Apart from the many benefits of Ni–YSZ cermet, it also favors the formation of solid particles of carbon over its surface [22]. A nickel-based electrode is a very good catalyst for carbon formation reactions, such as the following:

$$\mathrm{cracking} \mathrm{of} \mathrm{methane}:\hspace{1em}\hspace{1em}\hspace{1em}{\mathrm{CH}}_4\to \mathrm{C}+2{\mathrm{H}}_2$$

(4)

$$\mathrm{reduction} \mathrm{of} \mathrm{carbon} \mathrm{monoxide}:\hspace{1em}\hspace{1em}\hspace{1em}\mathrm{CO}+{\mathrm{H}}_2\leftrightarrow \mathrm{C}+{\mathrm{H}}_2\mathrm{O}$$

(5)

$$\mathrm{Boudouard} \mathrm{reaction}:\hspace{1em}\hspace{1em}\hspace{1em}2\mathrm{CO}\to \mathrm{C}+{\mathrm{CO}}_2$$

(6)

The increase of CO concentration in fuel enhances carbon deposition via the Boudouard reaction in the anode volume, as well as other stack elements and pipelines [23]. A similar effect is obtained when the SOFC is fueled with pure methane or methane-rich gases, due to the methane cracking reaction. Usually, tests with demanding fuels are performed by operating at high current densities in order to promote WGS reaction [24], higher fuel utilization [25], and at appropriate steam-to-carbon ratios (S/C) in order to keep carbon activity at near unity. Setting an appropriate S/C value helps to create operating conditions in which carbon deposition is thermodynamically unfavored. In typical SOFC power generation systems, the S/C ratio value is set to 2.2, as shown in Figure 1 [26,27,28]. One way to determine a safe value for this process is to use ternary diagrams with isotherms of carbon formation or Gibbs diagrams (Figure 1). The thermodynamic boundary between non-deposition and deposition zones can be defined by determining the equilibrium composition for different gas mixtures, containing carbon, hydrogen, and oxygen atoms. Curves for different temperatures are presented in the diagram as isotherms of carbon formation [29].

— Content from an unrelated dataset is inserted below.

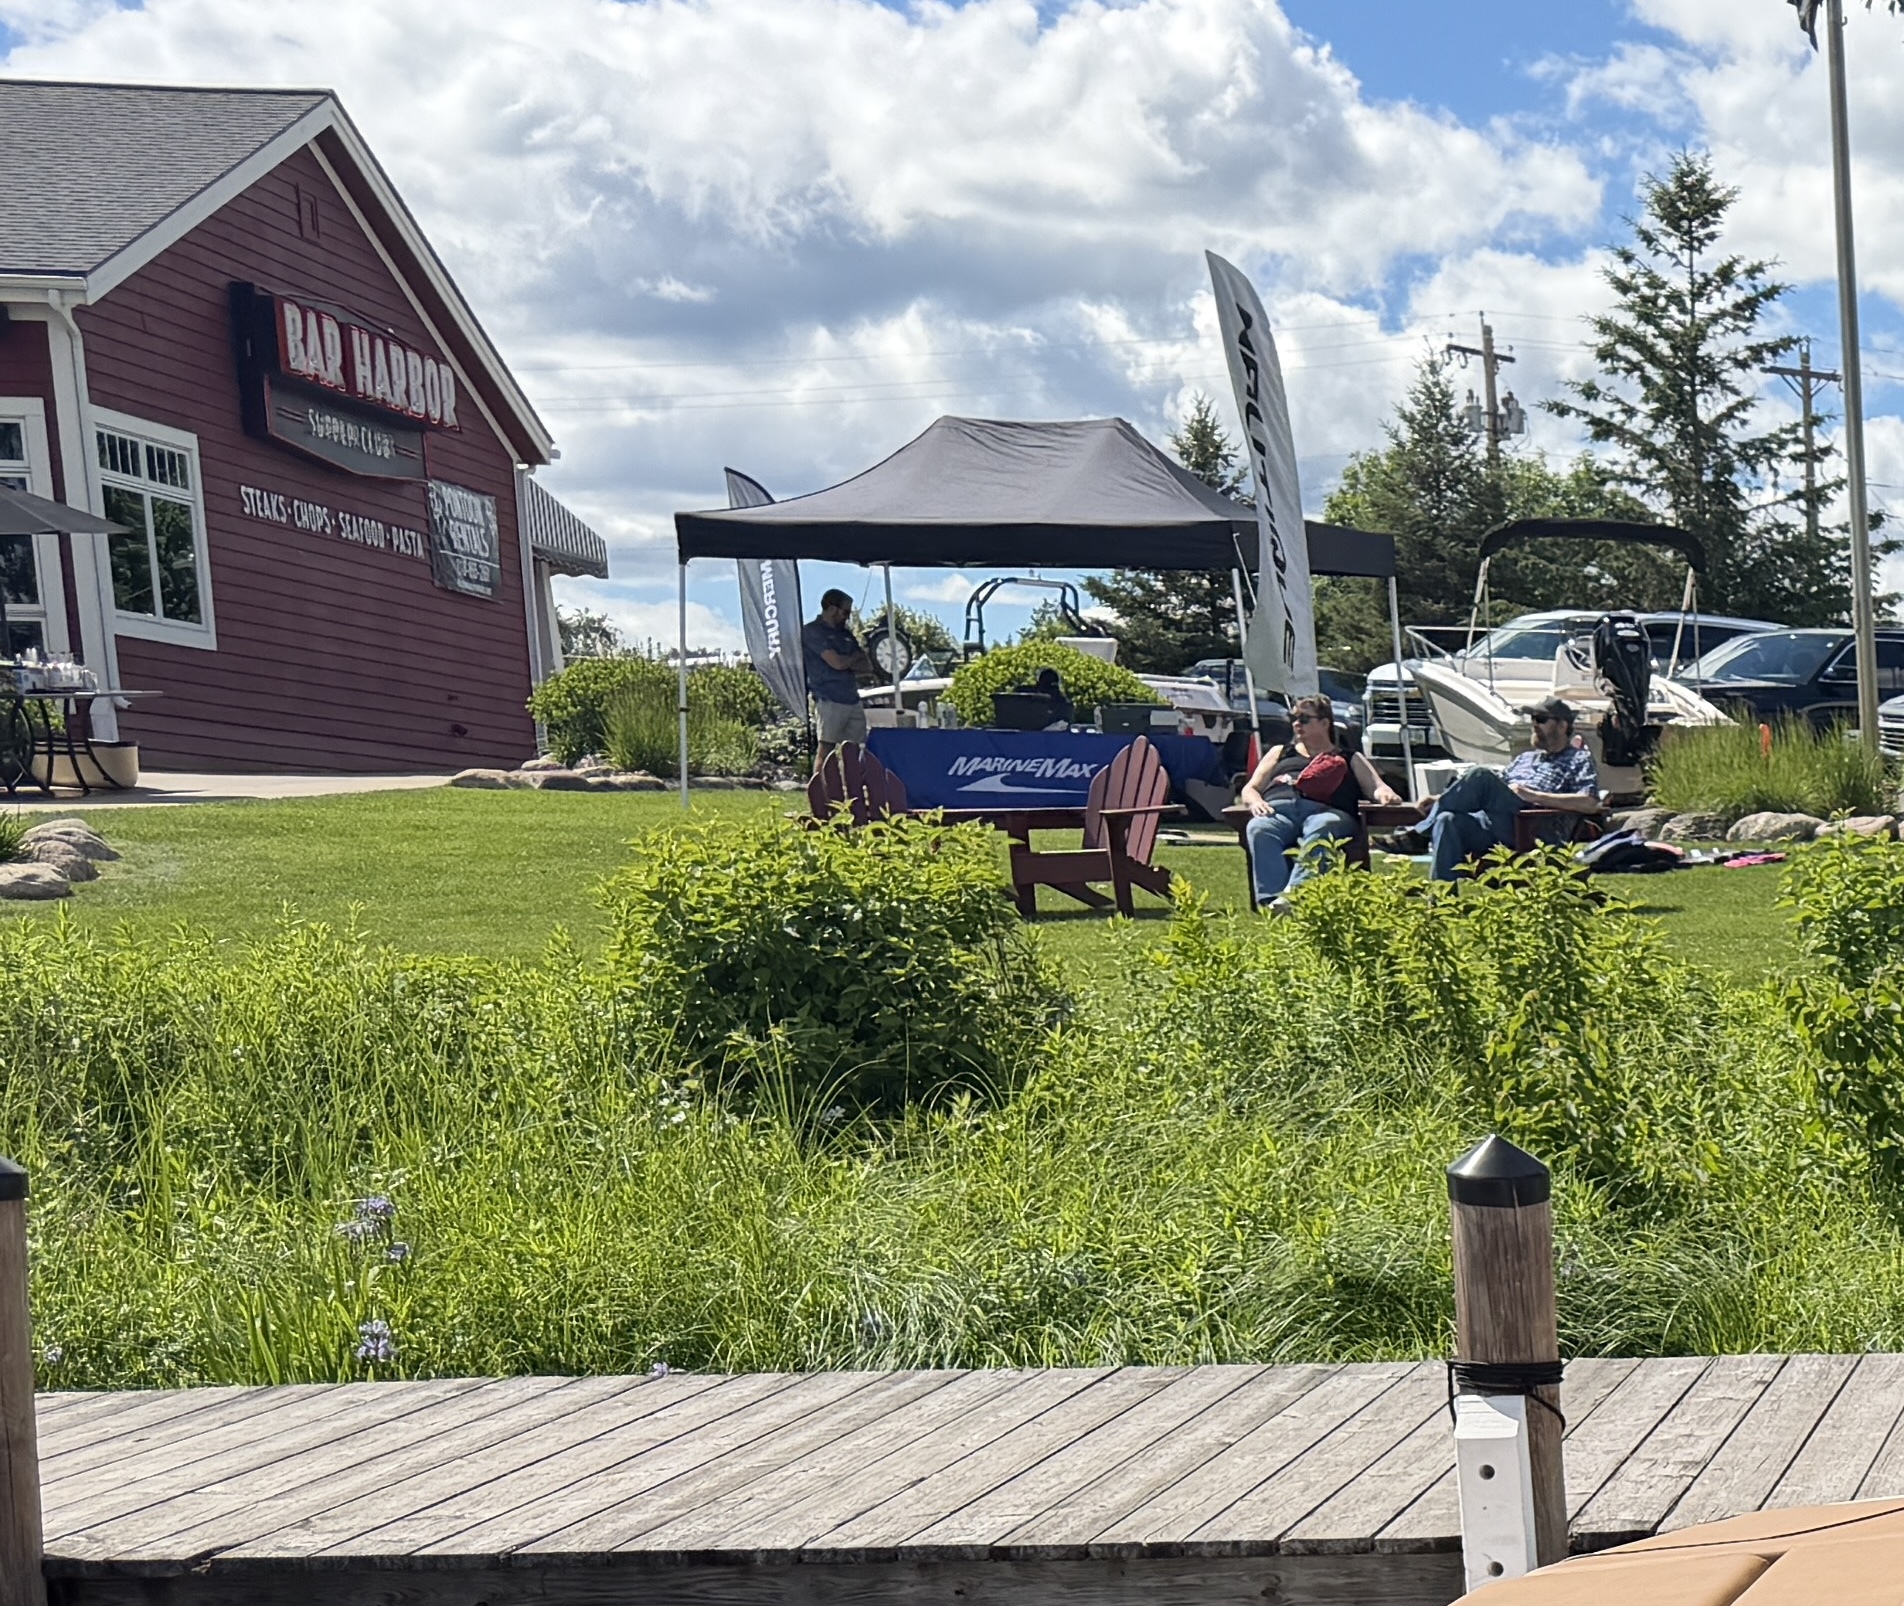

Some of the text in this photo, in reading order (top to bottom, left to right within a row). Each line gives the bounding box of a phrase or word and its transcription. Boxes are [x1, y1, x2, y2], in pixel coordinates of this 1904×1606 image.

Carbon deposition might occur in various conditions. Firstly, the formation of a solid carbon layer on the porous surface might affect the uniformity of flow distribution along the active area of the fuel cell [31]. Moreover, the thin layer of deposit leads to reduction of the active area or triple phase boundary (TPB) length involved in high temperature electrochemical processes [32]. In addition to affecting the outer surface, it can lead to an increase of exposure time to a significant deterioration of the physical and chemical properties of the material and functional layer of the anode [33].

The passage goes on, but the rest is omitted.